* **INSTRUCTIONS FOR THE TASK**: No pictures belong in the copy. Restate the rest of the data exactly.

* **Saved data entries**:
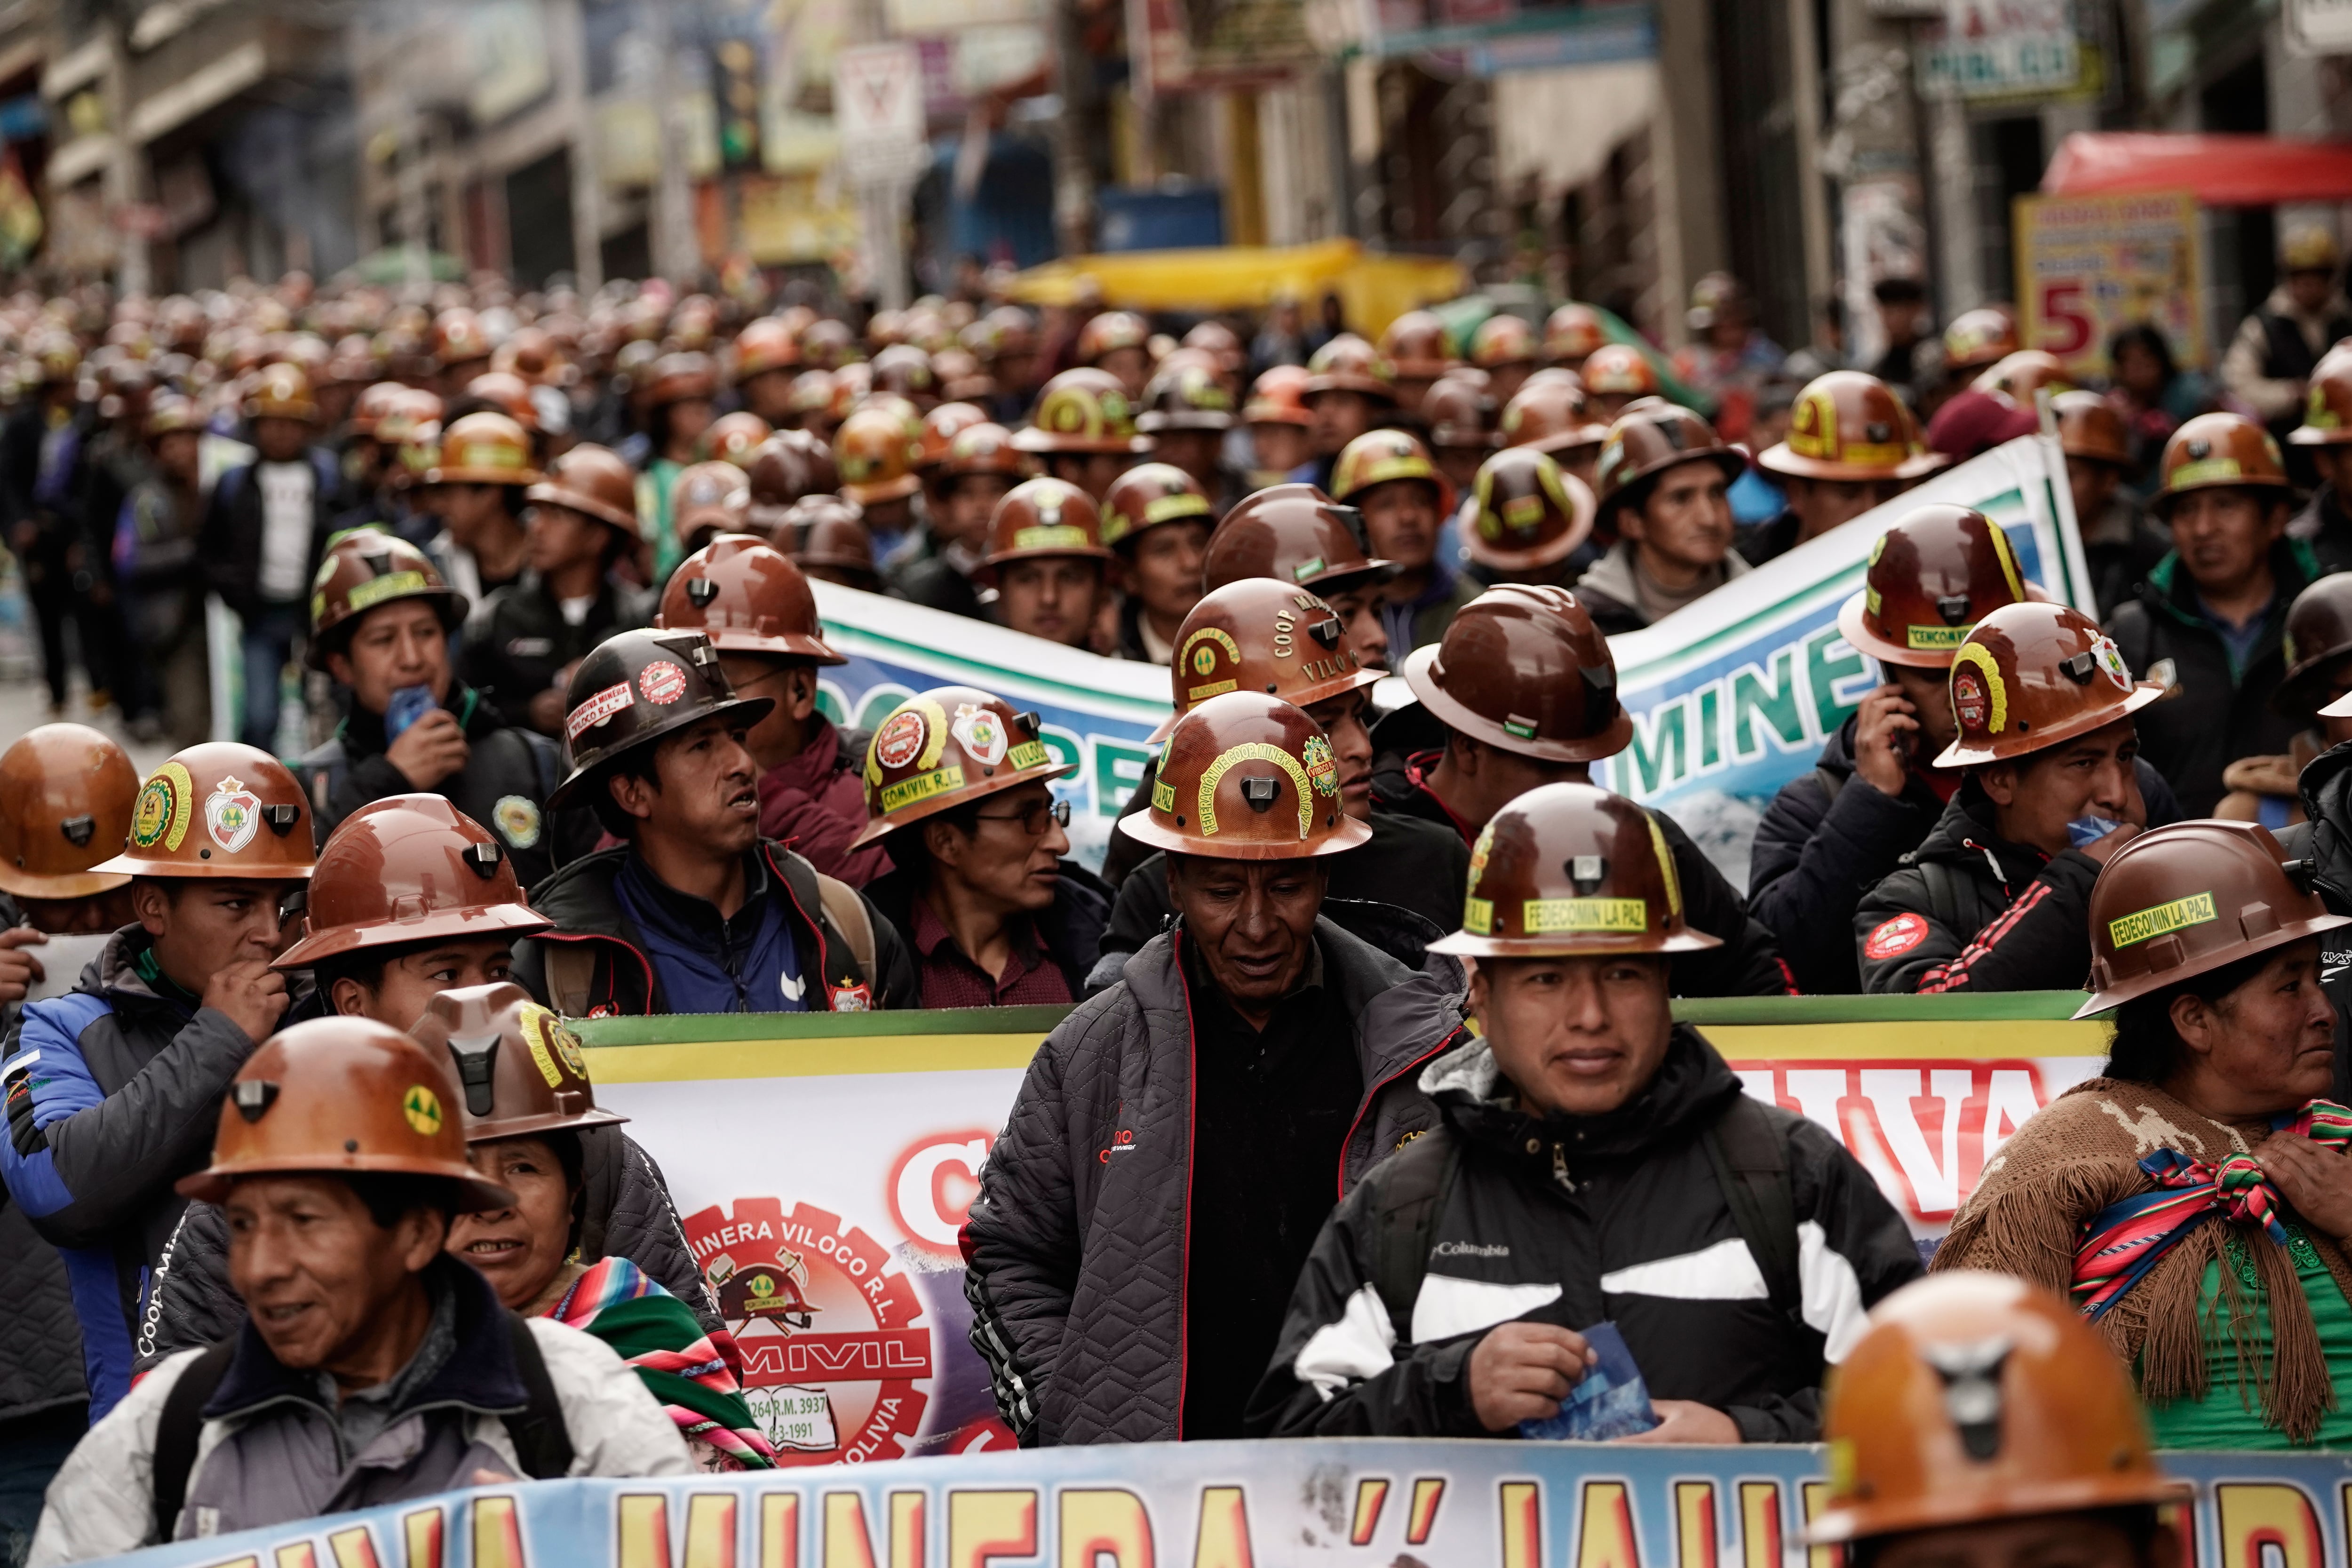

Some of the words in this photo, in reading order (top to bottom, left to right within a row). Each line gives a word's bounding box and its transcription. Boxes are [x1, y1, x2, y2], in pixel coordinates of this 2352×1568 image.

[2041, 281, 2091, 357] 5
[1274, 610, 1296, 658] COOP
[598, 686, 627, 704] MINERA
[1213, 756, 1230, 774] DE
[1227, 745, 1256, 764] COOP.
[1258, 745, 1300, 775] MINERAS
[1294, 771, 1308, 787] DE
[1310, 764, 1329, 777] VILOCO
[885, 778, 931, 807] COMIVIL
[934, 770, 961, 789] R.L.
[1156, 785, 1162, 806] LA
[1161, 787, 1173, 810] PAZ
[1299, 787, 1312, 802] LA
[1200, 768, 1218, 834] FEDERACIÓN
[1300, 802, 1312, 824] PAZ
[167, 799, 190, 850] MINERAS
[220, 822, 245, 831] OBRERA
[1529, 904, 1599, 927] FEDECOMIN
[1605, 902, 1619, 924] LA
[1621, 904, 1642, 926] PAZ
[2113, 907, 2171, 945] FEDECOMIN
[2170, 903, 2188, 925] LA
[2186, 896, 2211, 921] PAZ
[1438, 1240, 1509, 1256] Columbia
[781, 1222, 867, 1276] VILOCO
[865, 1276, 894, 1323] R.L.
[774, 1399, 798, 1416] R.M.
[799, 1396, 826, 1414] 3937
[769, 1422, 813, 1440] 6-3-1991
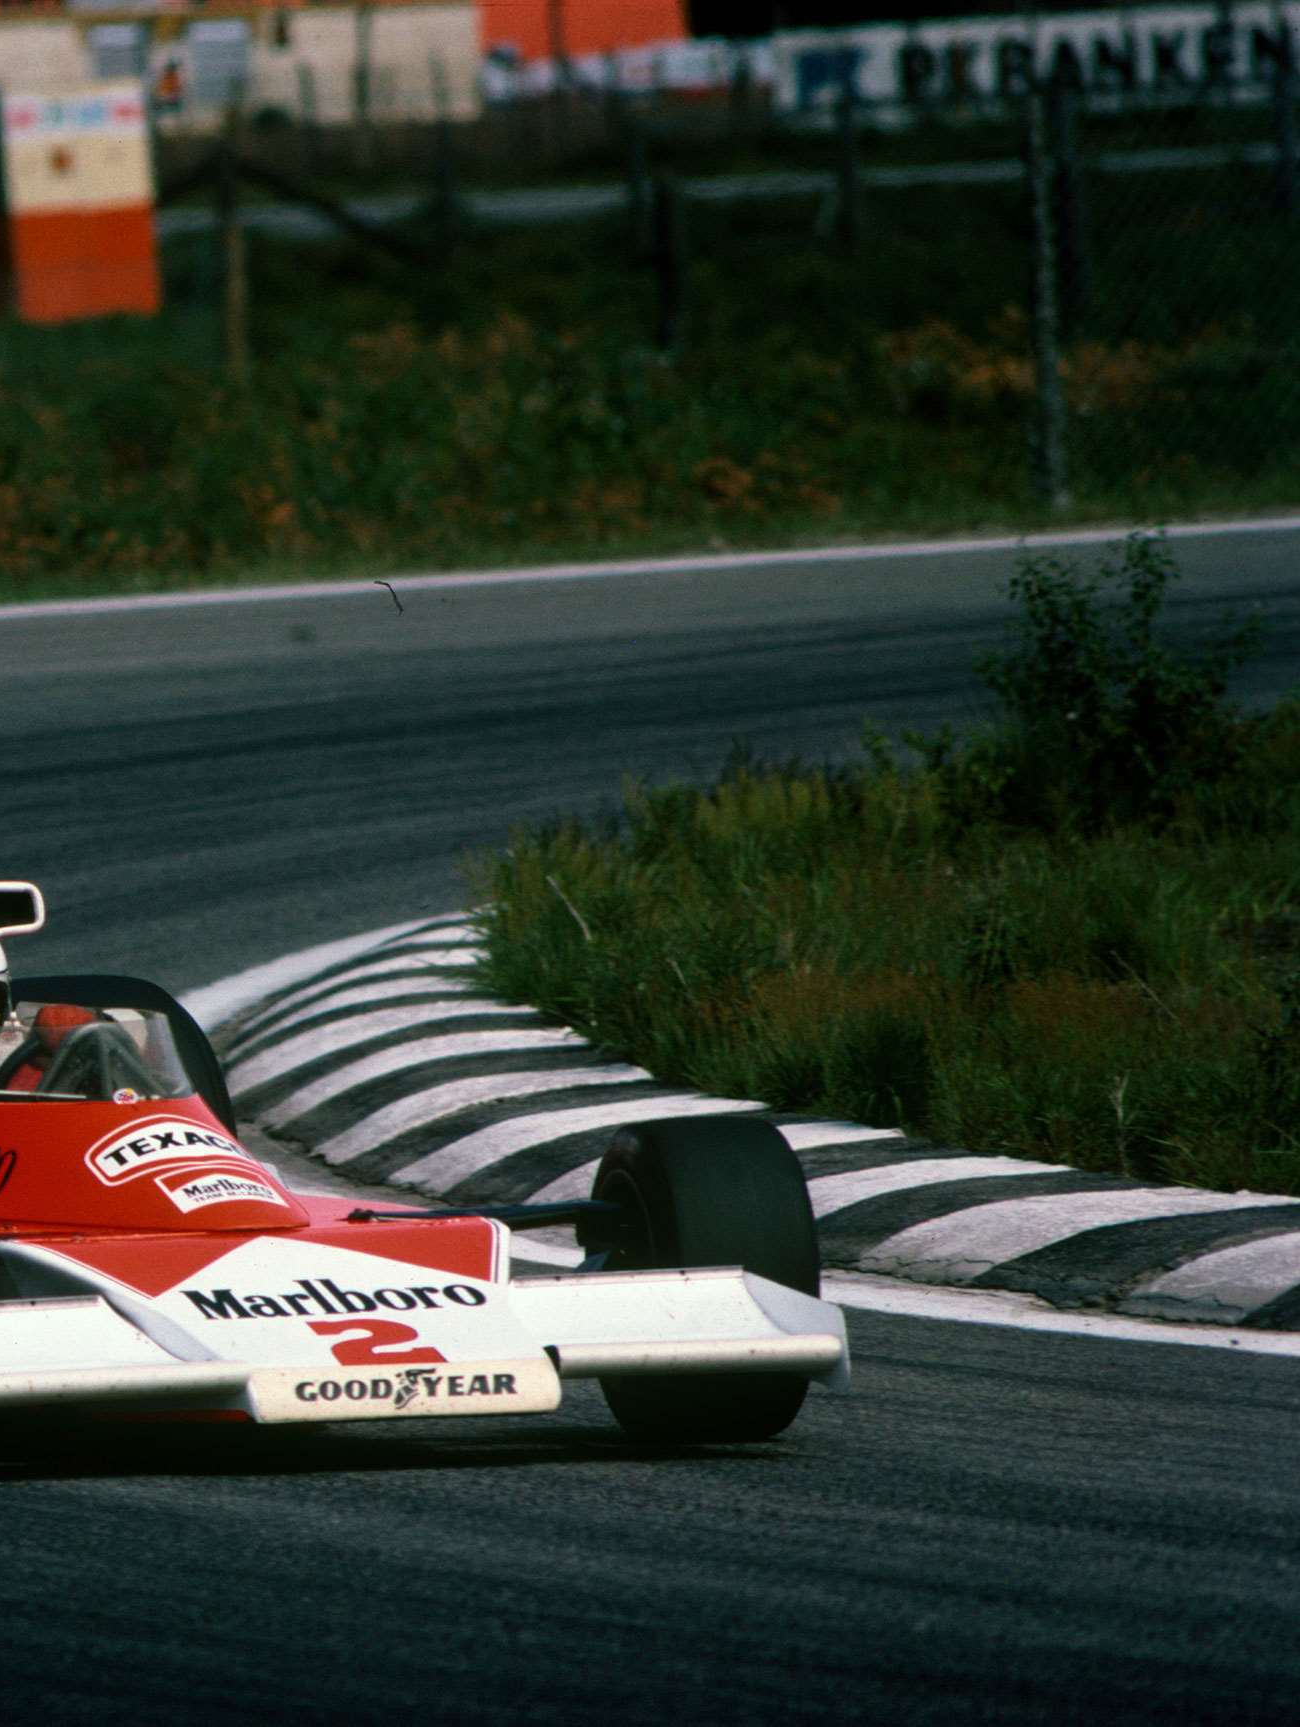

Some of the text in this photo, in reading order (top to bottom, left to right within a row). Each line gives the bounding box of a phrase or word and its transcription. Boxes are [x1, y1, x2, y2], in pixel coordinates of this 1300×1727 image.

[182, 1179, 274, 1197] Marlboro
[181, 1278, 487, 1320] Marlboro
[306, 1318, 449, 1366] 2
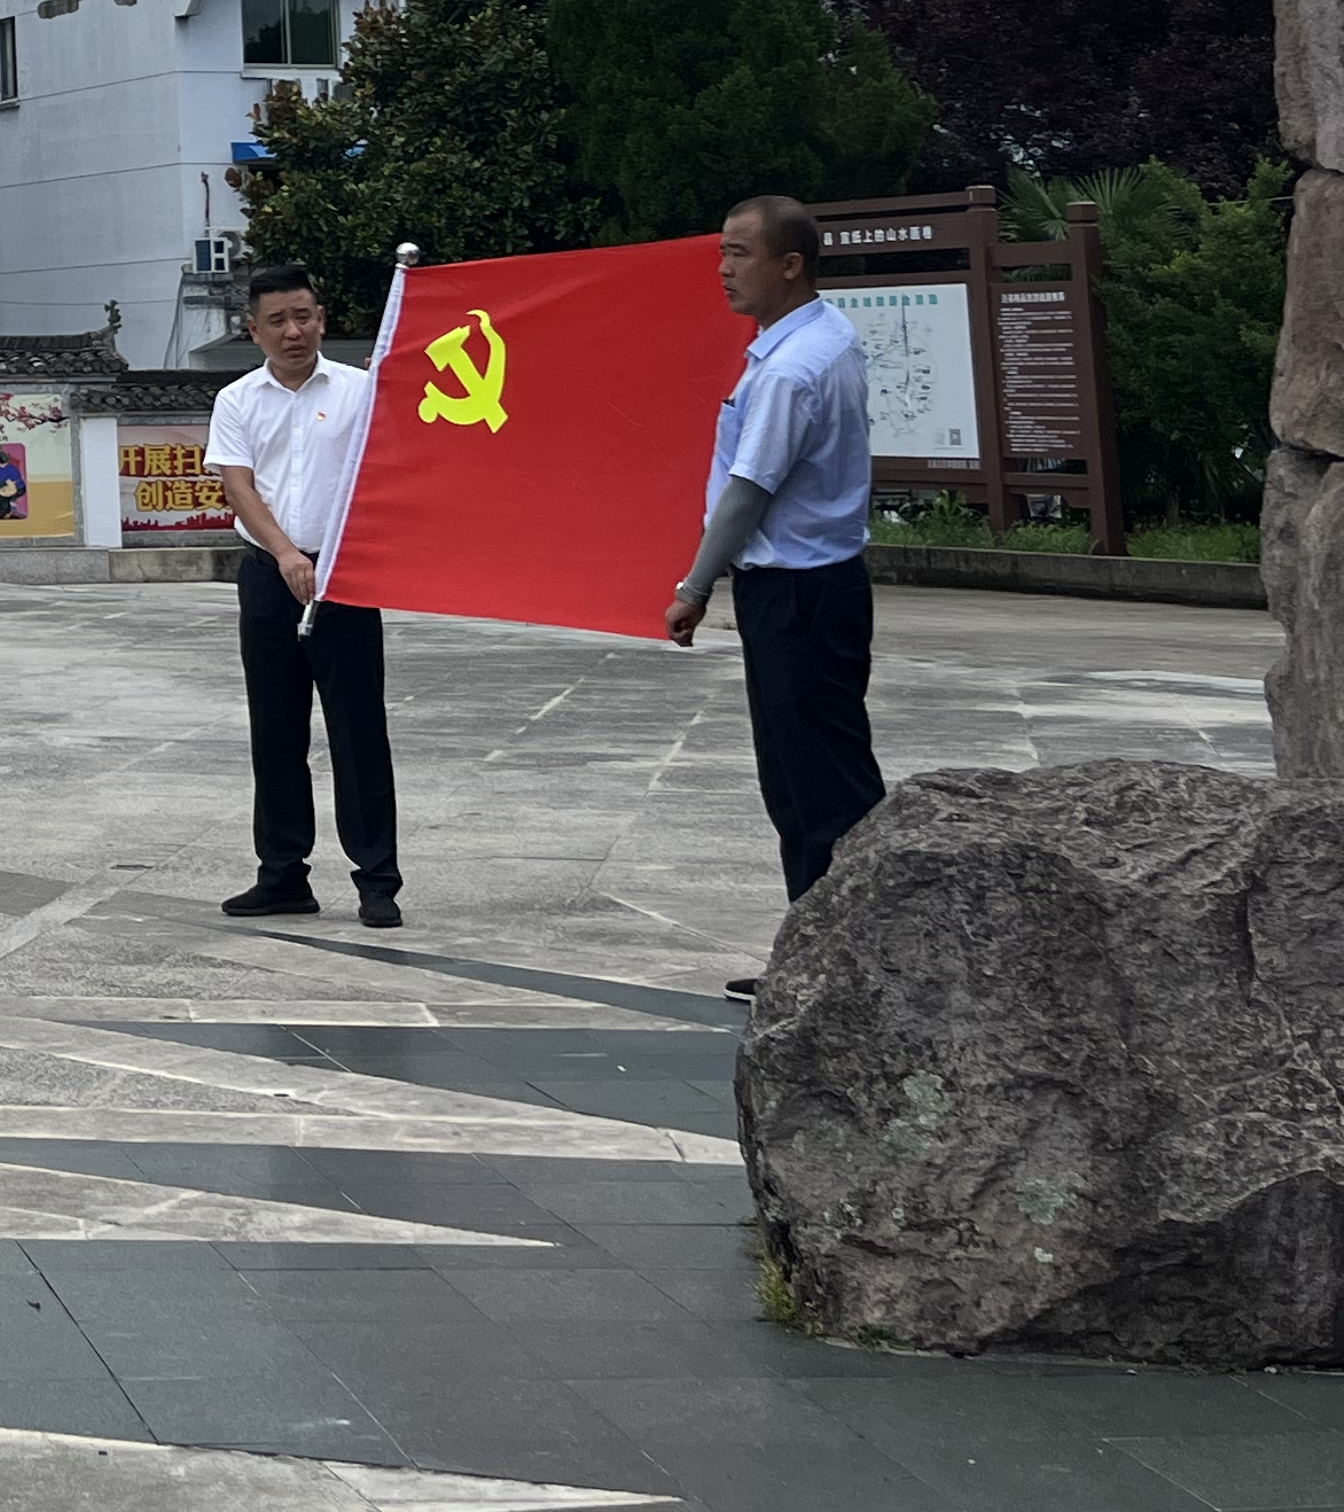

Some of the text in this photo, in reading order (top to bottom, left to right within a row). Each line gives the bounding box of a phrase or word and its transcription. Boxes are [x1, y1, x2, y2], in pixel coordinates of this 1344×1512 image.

* **PROBLEM SOLUTION**:
Some of the words in this photo, in reading order (top to bottom, left to right within a row). Each line gives a word's bounding box and its transcription. Boxes are [x1, y1, x2, y2], in pixel coordinates of this 2352×1568 image.

[2041, 281, 2091, 357] 5
[1274, 610, 1296, 658] COOP
[598, 686, 627, 704] MINERA
[1213, 756, 1230, 774] DE
[1227, 745, 1256, 764] COOP.
[1258, 745, 1300, 775] MINERAS
[1294, 771, 1308, 787] DE
[1310, 764, 1329, 777] VILOCO
[885, 778, 931, 807] COMIVIL
[934, 770, 961, 789] R.L.
[1156, 785, 1162, 806] LA
[1161, 787, 1173, 810] PAZ
[1299, 787, 1312, 802] LA
[1200, 768, 1218, 834] FEDERACIÓN
[1300, 802, 1312, 824] PAZ
[167, 799, 190, 850] MINERAS
[220, 822, 245, 831] OBRERA
[1529, 904, 1599, 927] FEDECOMIN
[1605, 902, 1619, 924] LA
[1621, 904, 1642, 926] PAZ
[2113, 907, 2171, 945] FEDECOMIN
[2170, 903, 2188, 925] LA
[2186, 896, 2211, 921] PAZ
[1438, 1240, 1509, 1256] Columbia
[781, 1222, 867, 1276] VILOCO
[865, 1276, 894, 1323] R.L.
[774, 1399, 798, 1416] R.M.
[799, 1396, 826, 1414] 3937
[769, 1422, 813, 1440] 6-3-1991

Some of the text in this photo, in reading order (top to bottom, left to right within a row). Each line gives the bounding box of a phrase or word and its transcription. Boxes are [x1, y1, x2, y2], in pixel coordinates of this 1300×1727 image.

[182, 1179, 274, 1197] Marlboro
[181, 1278, 487, 1320] Marlboro
[306, 1318, 449, 1366] 2

Some of the text in this photo, in reading order (top to bottom, left to right within a row). Each line gives the bounding box of a phrase or word and its transcription. Boxes are [x1, y1, x2, y2], in pixel coordinates of this 1344×1512 image.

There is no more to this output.